#CaseoftheWeekCase Law

#CaseoftheWeek Episode 66: Addressing Email Threading in ESI Protocols

Episode 66 of #CaseoftheWeek is an analyzes the importance of addressing email threading in your ESI protocols.

The case we discuss is In re Actos End Payor Antitrust Litig., 2022 WL 949798 (S.D.N.Y. 2022) from March 30, 2022 with the decision from United States Magistrate Judge Stewart D. Aaron.

Good morning, and welcome to episode 66 of our Case of the Week series, published in partnership with ACEDS. My name is Kelly Twigger. I am the founder and CEO of eDiscovery Assistant, as well as the Principal at ESI Attorneys, and I am thrilled to be with you today. Thanks so much for joining me.

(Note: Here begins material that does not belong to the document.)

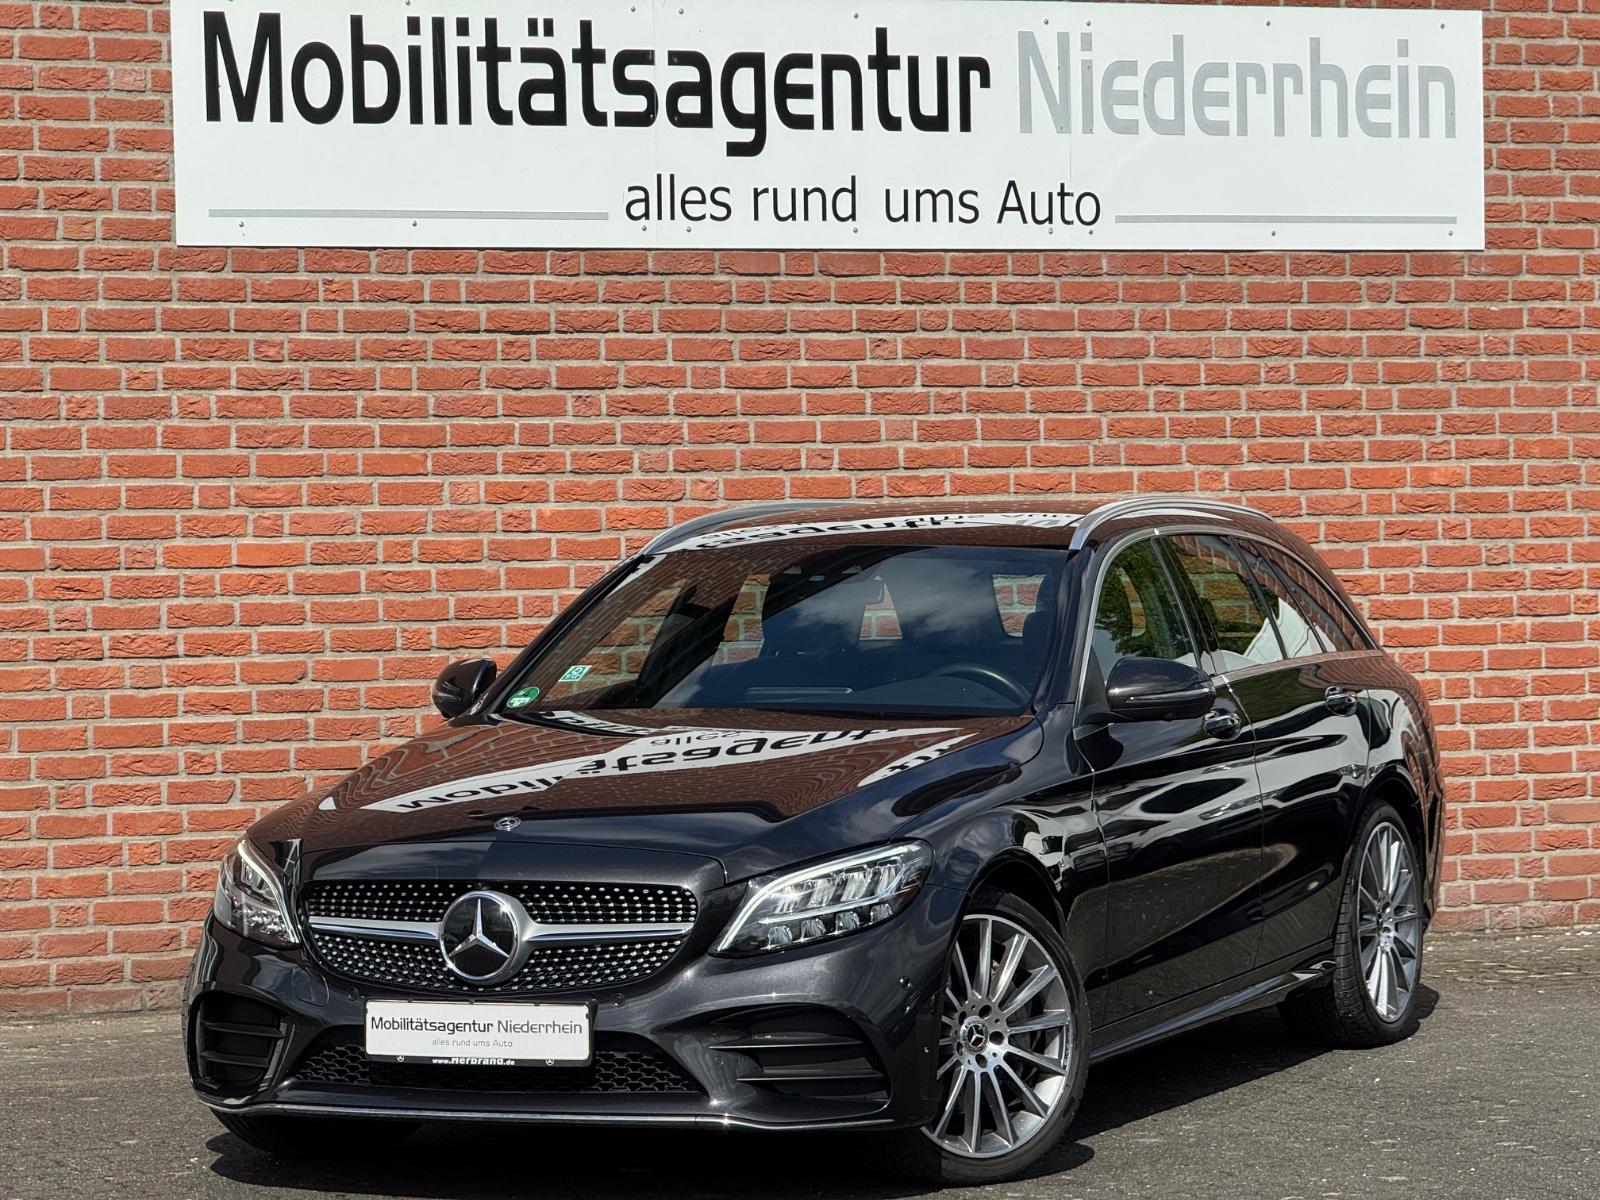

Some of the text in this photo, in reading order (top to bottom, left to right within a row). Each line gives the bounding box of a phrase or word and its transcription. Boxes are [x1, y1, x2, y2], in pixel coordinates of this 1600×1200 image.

Each week, as you know, we choose a different decision in eDiscovery case law from our case law database at eDiscovery Assistant. We really kind of bring it to your attention to talk about the practical aspects of case law as we’re seeing it happen in real time and how that impacts you, your practice and your clients.

As always, we welcome your comments and feedback in the comments section no matter what platform you’re viewing us on. You can see us live on LinkedIn, YouTube, Facebook, and Twitter.

If you want to sign up to receive that blog, you’ll get these weekly updates in the form of a newsletter on Thursday, the week that they come out. This week, there are a number of links associated with the decision that we’re going to cover in the In re Actos End Payor Antitrust Litigation matter.First, you’ll see a link to the actual decision itself that we’re discussing today from the Southern District of New York just from the end of March, just a few weeks ago here in 2022. You’ll also see a link to an article from eDiscovery Today in which Doug Austin did write up about this particular case.

You’ll see two links to the eDiscovery Assistant blog; one is a blog post that I wrote on email threading back in 2020. I was talking about the importance of it and highlighting some tips on using email threading from one of my dear colleagues and friends, Tessa Jacob at Husch Blackwell. Second, you’ll see a link to our series on ESI protocols and how we discuss email threading and the importance of including it in protocols, which is particularly apropos for today’s case law discussion.

This decision comes to us, as I mentioned, from the In re Actos End Payor Antitrust Litigation. This is a case that is pending in the Southern District of New York in front of United States Magistrate Judge Stewart Aaron. Judge Aaron has 23 cases in our eDiscovery Assistant database, so he is well versed in eDiscovery issues and is very thoughtful. This decision is also very thoughtful that we’re going to talk about some of the things that I see that are differences between sitting on the bench and actually engaging in eDiscovery and practice.

As always, we issue tag all of the decisions in our eDiscovery Assistant database, and this particular decision is tagged with failure to produce, manner of production, format, privilege log, attorney-client privilege, metadata, ESI protocol, and attorney work product.

All right, so what are the facts before us? We are before the Court on a letter motion on a motion to compel. On the motion to compel the plaintiffs asked for two things from the defendants. First, they ask that the defendants produce all non privileged responsive earlier in time emails that are part of the most inclusive email threads that the defendant has already produced or will produce to the plaintiffs. Second, the plaintiffs are asking for privileged log entries for those same earlier in time emails that are part of the email threads that were redacted or withheld for privilege.

In essence, really what we’re talking about with this decision is the use of email threading as a technology and whether or not you are required to produce all the lesser included emails when you use email threading technology. If you look at the blog posts that I cited to you earlier that are in the posts on the various platforms, you’ll see that we’ve talked about email threading a bunch on the blog.

Email threading is a fantastic tool because it really eliminates the need for you to continuously review the same messages over and over again. Essentially, email threading takes all of the emails in a particular thread and pulls them all together to be reviewed by one person at one time. That eliminates you having multiple reviewers seeing messages from the same thread, perhaps coding them differently. It also allows you to apply a redaction to an email at one time that can then be populated across that same email.

The issue becomes when you produce emails that are part of an email thread, and generally the receiving party wants to receive each individual email as a separate document, because they want to receive the associated metadata with that document to allow them to search and filter.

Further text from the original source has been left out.